Sitting at a stoplight yesterday, I noticed a fly on my windshield.  It stubbornly held on while I accelerated to 10MPH.  It was still there at 20, 30, then 40MPH.  At 45MPH I admit a cruel streak brought on thoughts of flipping on the windshield washer, but the scientist in me fought off the urge, and so, curious, I accelerated hard and, finally, at 55MPH, the creature succumbed to the inevitable.

Chiropractor Josh Axe is a lot like that insect  Give him a bad idea and he’ll cling to it like a fly to a windshield in a tempest.  Hang on at all costs.  Never, ever, let go, despite the obvious outcome.  No matter how much the right thing to do would be to let go (of your incorrect opinion).

Back in December, 2015, I wrote that Axe was pushing Bentonite clay as a detox agent, even though the product was loaded with the same “toxic” heavy metals Josh claimed would kill you.1  Undeterred, on November 19, 2018, Axe used Facebook to recycle another Bentonite detox post.  Like a fly on a windshield, Josh clings to irony in a hurricane of hilarious gaffes.2  Let’s have some fun.

For reference, below is an analysis of one of the Bentonite clay products Axe was hawking back in 2015.1  I don’t have a breakdown of the bath product he’s pushing in his 2018 Bentonite resurrection, but it’s reasonable to assume the clays are chemically similar:

Chemical analysis of a Josh Axe Bentonite product from 2015

Chemical analysis of a Josh Axe Bentonite product from 2015 .1
Note the lead, cadmium, and mercury.
(click/enlarge)

According to Axe, Bentonite clay is used to remove toxic heavy metals from the body, by either consuming or applying the mud topically.  Quoth the raven, er, chiropractor:

“Heavy metal toxins” usually refer to substances like mercury, cadmium, lead and benzene.”4 — Josh Axe, Ten Bentonite Clay Benefits and Uses

Isn’t it ironic then, that Axe’s own chemical analysis revels that Bentonite contains mercury, cadmium, and lead, the very elements he’s trying to remove?1 (See the chart above)

Now, this is the part in our story where Axe defenders leap in to invent a magical chemical matrix that works synergistically to scoop up the toxic heavy metals and channel them safely away.  “Even though they’re present,” (I hear you, David Avocado Wolfe!) “they aren’t toxic.  Their ionic charges are reversed causing them to blah blah blah…”

Go ahead Axe fans.  Make something up, I’ll wait.
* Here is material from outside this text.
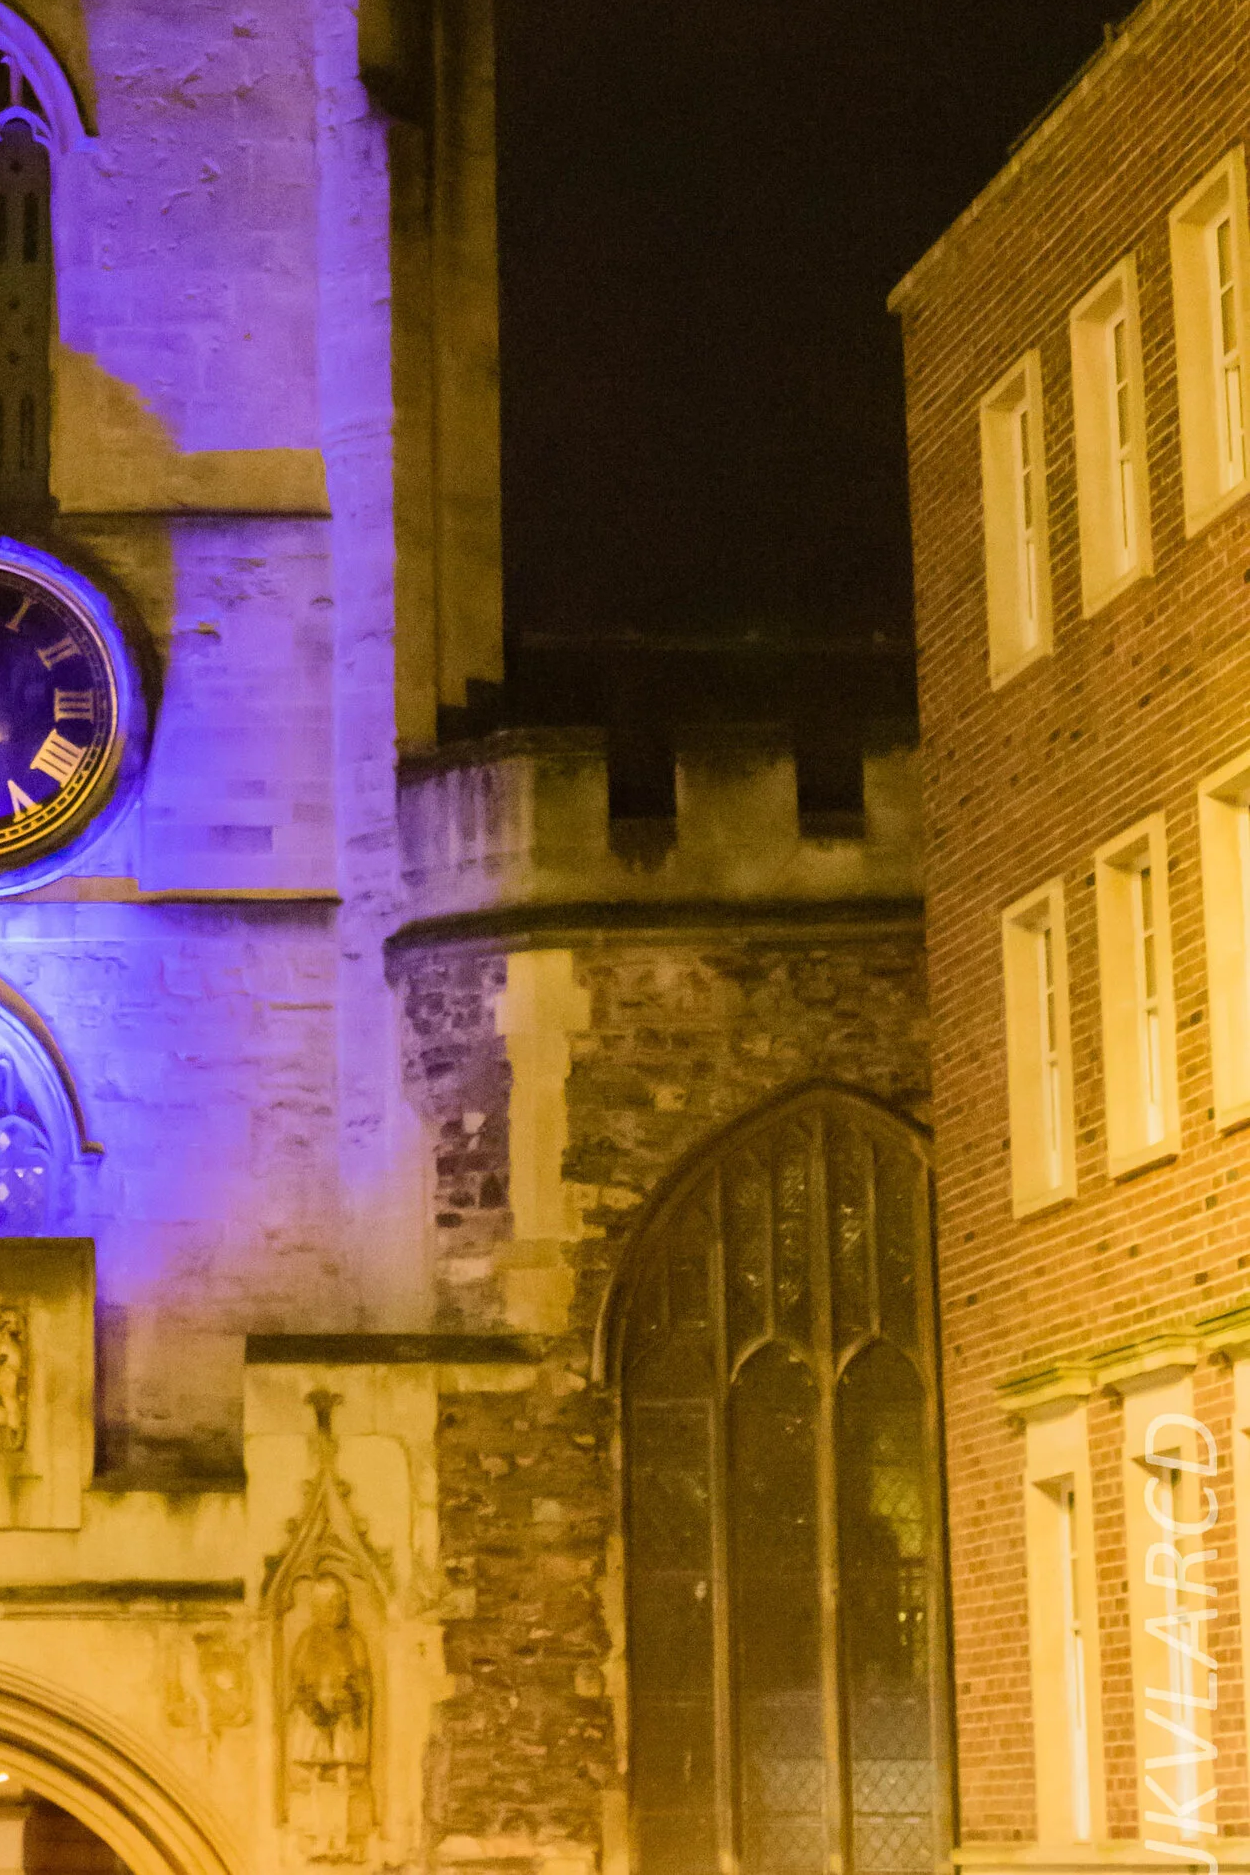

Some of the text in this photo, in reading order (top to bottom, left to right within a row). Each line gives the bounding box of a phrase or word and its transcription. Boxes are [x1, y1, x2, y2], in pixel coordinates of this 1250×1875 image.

[35, 636, 83, 671] II
[54, 687, 94, 723] III
[30, 728, 87, 788] IIII
[7, 779, 43, 824] V
Then I’ll shoot you down in Axe’s own words.  Time is on my side.

 

Ready now?  You see, in his article, Axe confesses that Bentonite clay does not trap toxins.  He acknowledges that lead is present in the clay, and warns that it’s a danger, but only to pregnant women, except when you’re pregnant.  SAY WHAT?  OK, walk through this with me… it’s all from the same article:

“Bentonite clay benefits your body by helping to expel many of these toxins–Josh Axe, Ten Bentonite Clay Uses and Benefits3

 

“Some bentonite clay products contains trace amounts of lead and other heavy metals and may not be appropriate for consumption by children and pregnant women.”–Josh Axe, Ten Bentonite Clay Uses and Benefits3

 

“Some people use bentonite clay as relief for nausea and vomiting by pregnant women–Josh Axe, Ten Bentonite Clay Uses and Benefits3

So Bentonite clay expels toxins, except that it retains them when you’re pregnant (why only then?), so pregnant women shouldn’t use it, except that pregnant women should use it for nausea relief.  And what about the mercury and lead?

Oh God, just shoot me now. Josh Axe calls himself a doctor and he cranks out medical advice like this?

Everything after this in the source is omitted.